[Task statement] With the pictures removed, write out the full listing below exactly.

---+---

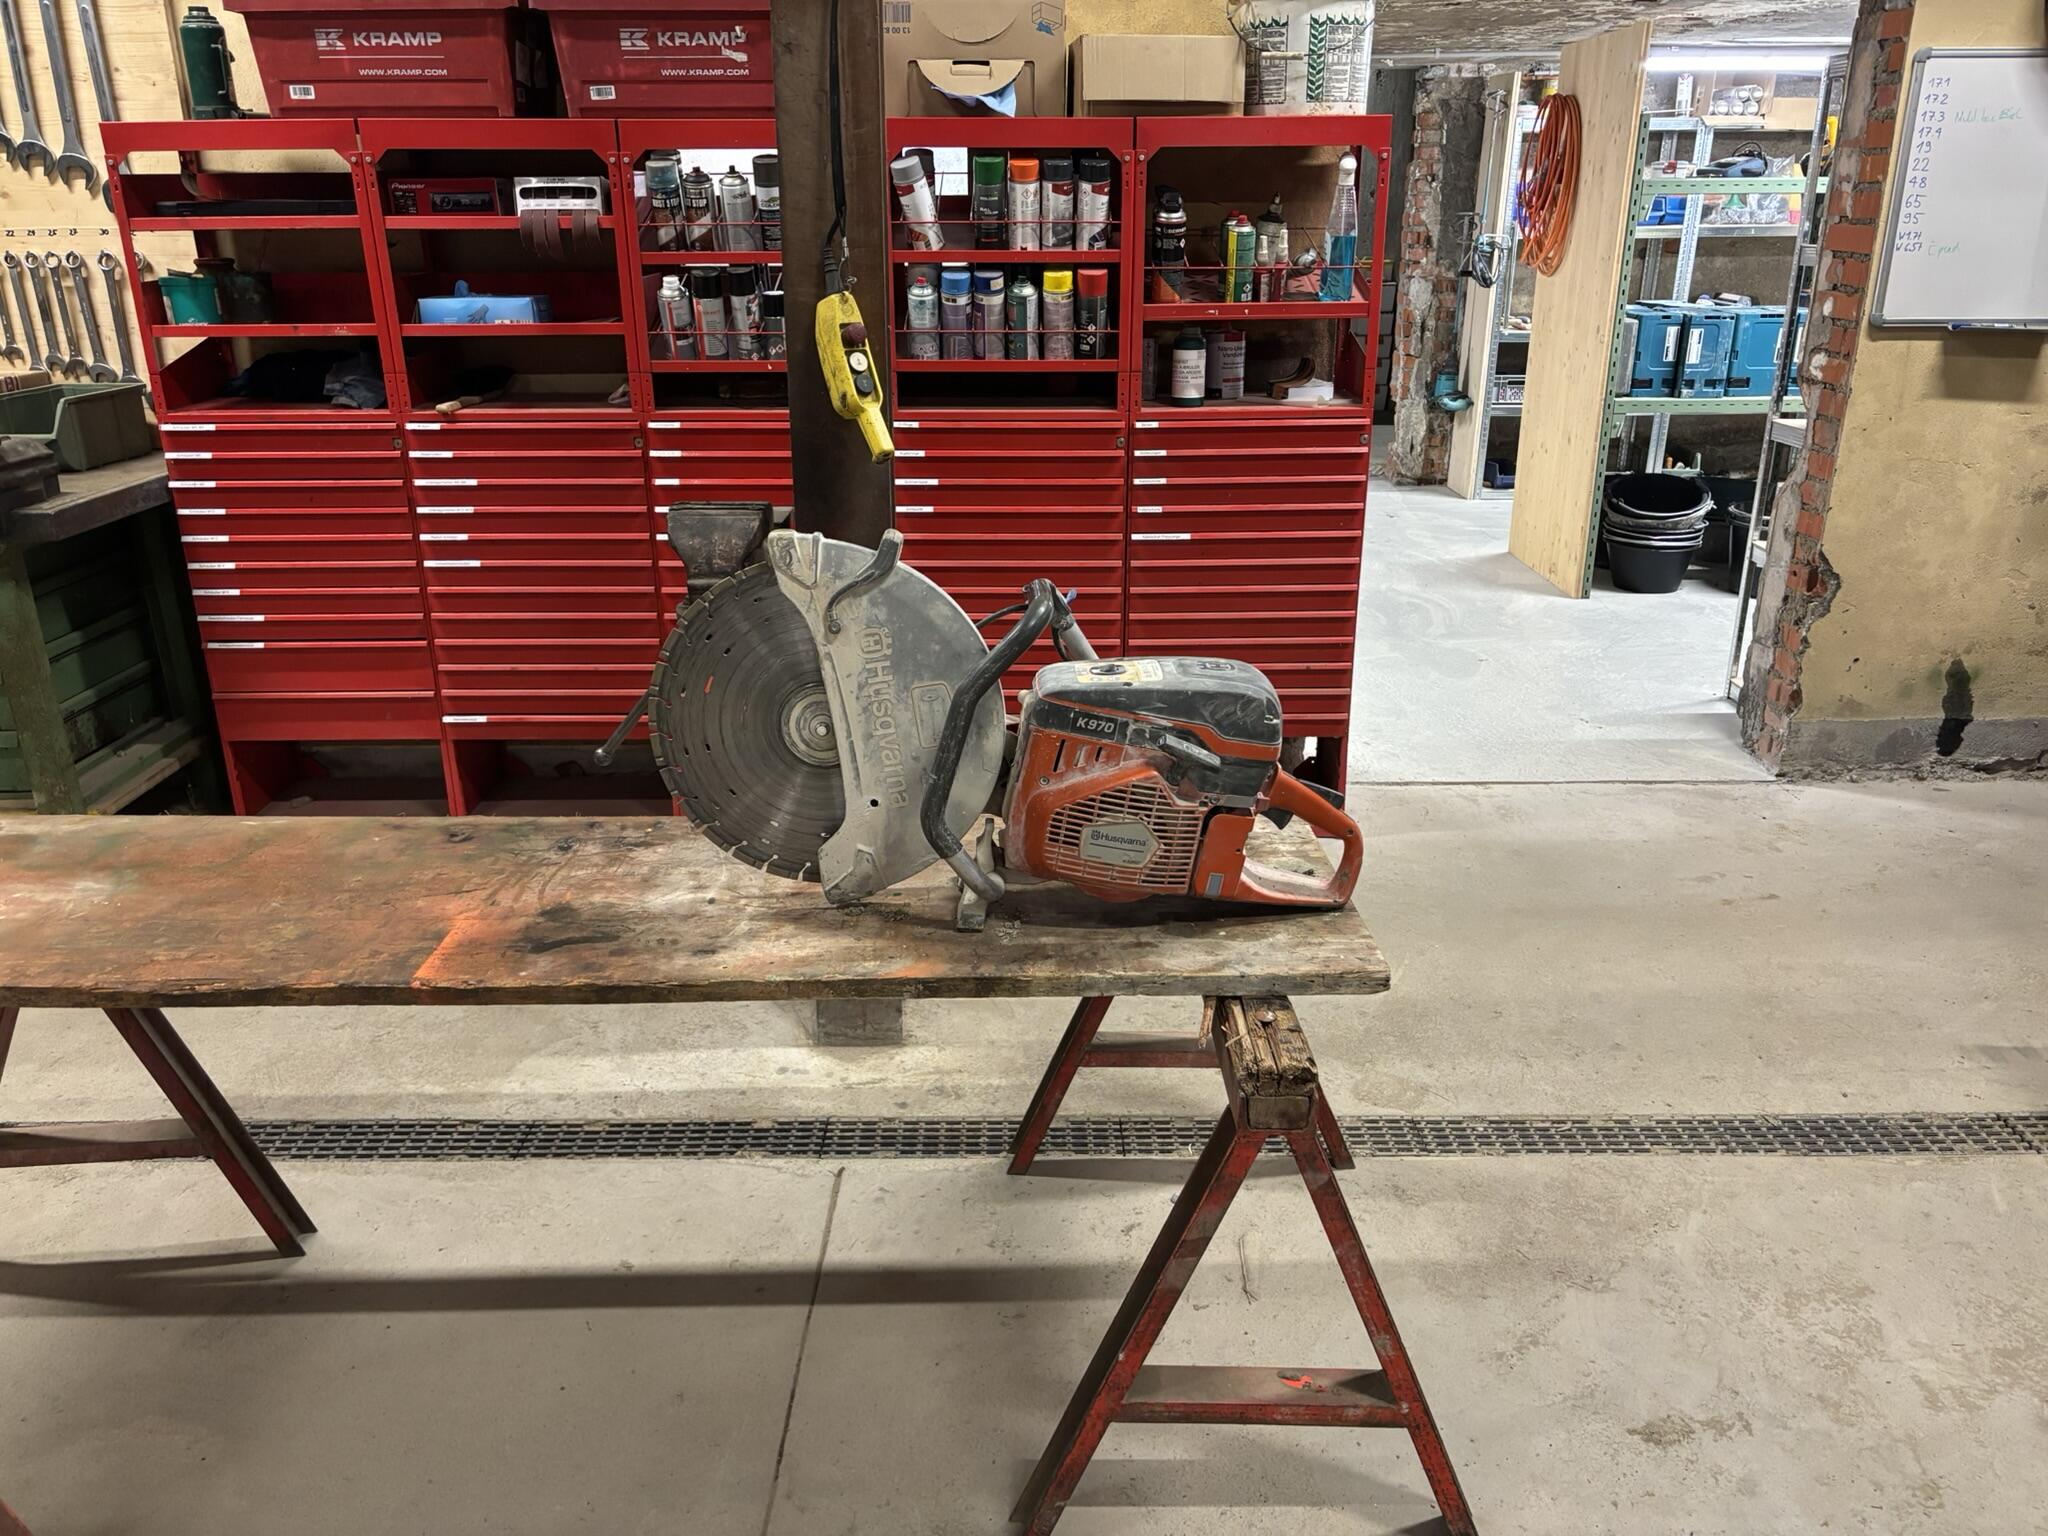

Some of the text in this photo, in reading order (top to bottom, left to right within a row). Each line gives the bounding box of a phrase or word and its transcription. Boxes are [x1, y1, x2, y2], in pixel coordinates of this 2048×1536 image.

[353, 31, 442, 47] KRAMP
[657, 31, 747, 47] KRAMP
[358, 68, 448, 76] WWW.KRAMP.COM
[660, 68, 749, 76] WWW.KRAMP.COM
[1924, 93, 1949, 105] 17.2
[1921, 110, 1946, 122] 17.3
[1916, 140, 1932, 153] 19
[1912, 157, 1930, 172] 22
[391, 182, 425, 190] Pioneer
[1908, 175, 1928, 189] 48
[1905, 193, 1928, 209] 65
[1902, 211, 1927, 225] 95
[1076, 717, 1114, 733] K970
[864, 657, 909, 809] Husqvarna
[1100, 832, 1147, 847] Husqvarna

---+---

[Finished task]
Some of the text in this photo, in reading order (top to bottom, left to right within a row). Each line gives the bounding box of a phrase or word and its transcription. Boxes are [x1, y1, x2, y2], in pixel coordinates of this 2048×1536 image.

[353, 31, 442, 47] KRAMP
[657, 31, 747, 47] KRAMP
[358, 68, 448, 76] WWW.KRAMP.COM
[660, 68, 749, 76] WWW.KRAMP.COM
[1924, 93, 1949, 105] 17.2
[1921, 110, 1946, 122] 17.3
[1916, 140, 1932, 153] 19
[1912, 157, 1930, 172] 22
[391, 182, 425, 190] Pioneer
[1908, 175, 1928, 189] 48
[1905, 193, 1928, 209] 65
[1902, 211, 1927, 225] 95
[1076, 717, 1114, 733] K970
[864, 657, 909, 809] Husqvarna
[1100, 832, 1147, 847] Husqvarna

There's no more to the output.